- Non avrai alcun Profeta, alcun dogma, alcuna soluzione valida per tutti.
- Non nominare il nome della sostenibilità invano.
- Ricordati di non santificare te stesso.
- Onora il suolo povero, come quello ricco.
- Non sfruttare, usa.
- Non tradire la vocazione della tua terra.
- Non accumulare, quindi non rubare.
- Non mistificare le parole degli altri. Ascoltale anche se danno fastidio.
- Non valutare gli altri da quanto producono.
- Non desiderare l’habitat degli altri.
IL PRIMO COMANDAMENTO

È da preferirsi una disputa illuminante o la conferenza di un illuminato?
Se il fine è la ricerca della verità, forse, come prima cosa dovremmo stabilire un semplice punto di partenza: la verità perfetta è solo l’intuizione di un principio, di un’idea. La sua versione terrena dovrà necessariamente fare i conti con una moltitudine di condizioni particolari e caratteristiche specifiche. Sarà necessariamente un compromesso.
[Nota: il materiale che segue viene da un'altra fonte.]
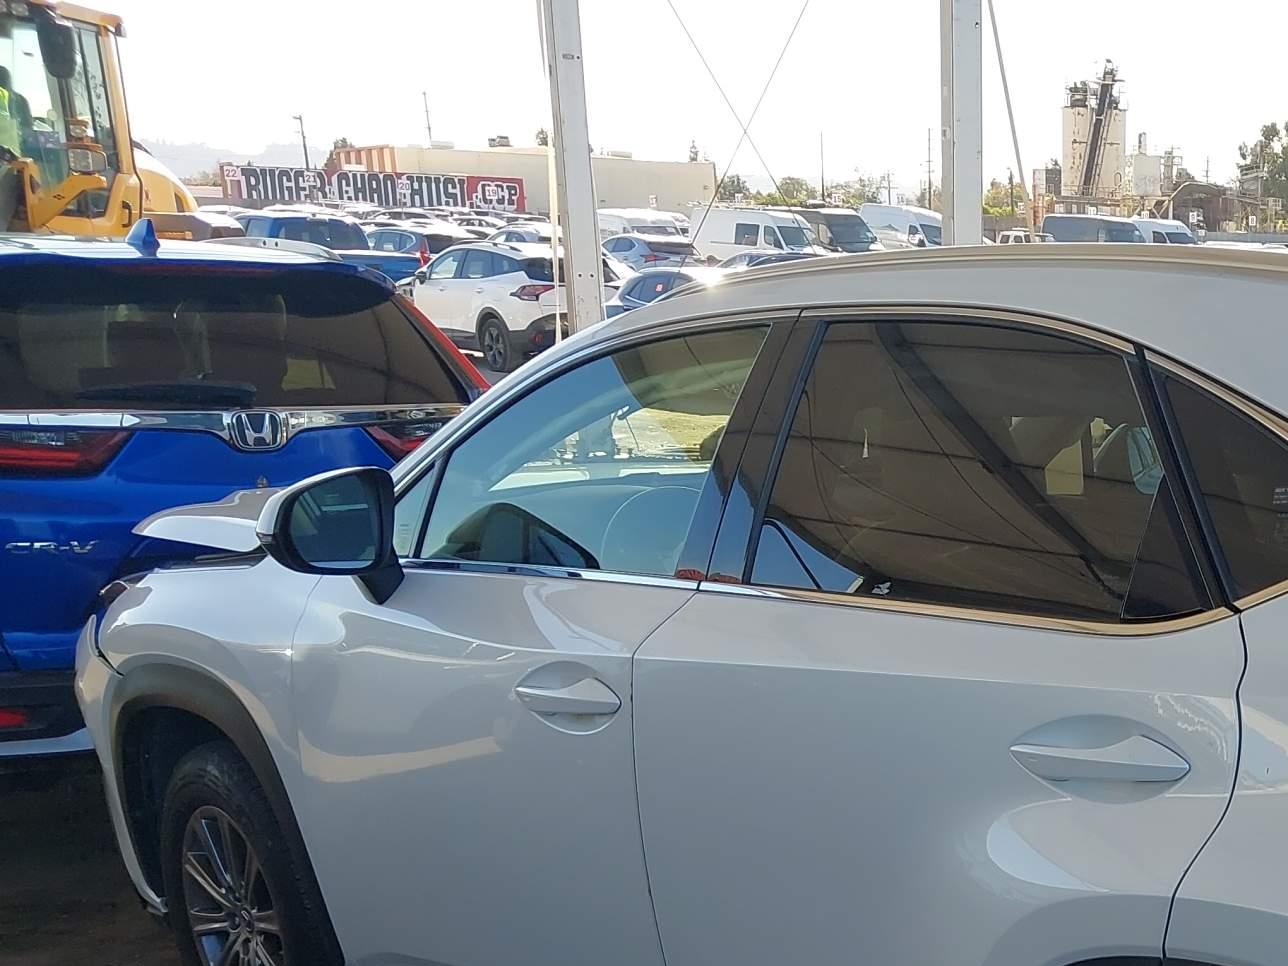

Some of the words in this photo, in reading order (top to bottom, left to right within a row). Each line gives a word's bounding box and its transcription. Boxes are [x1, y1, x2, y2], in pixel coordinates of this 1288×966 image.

[225, 168, 238, 178] 22
[305, 173, 317, 183] 21
[399, 180, 411, 191] 20
[487, 188, 498, 198] 19
[5, 539, 100, 555] CR-V
A meno che non si decida di voler ridurre la realtà, fatta di tempo, materia e limiti, alla sua versione migliore, perfetta e quindi perfettamente omogenea, pur adattarla alla nostra verità.
In questo caso correremo il rischio di trasformarci, da creature illuminate, in creatori di dogmi che possano ingabbiare ogni vezzo, ogni lusus, ogni deviazione dallo schema.
Può sembrare rassicurante, una soluzione pronta all’uso, universale, certa, incontestabile. Dovrebbe spaventare perchè nega necessariamente ogni singolarità.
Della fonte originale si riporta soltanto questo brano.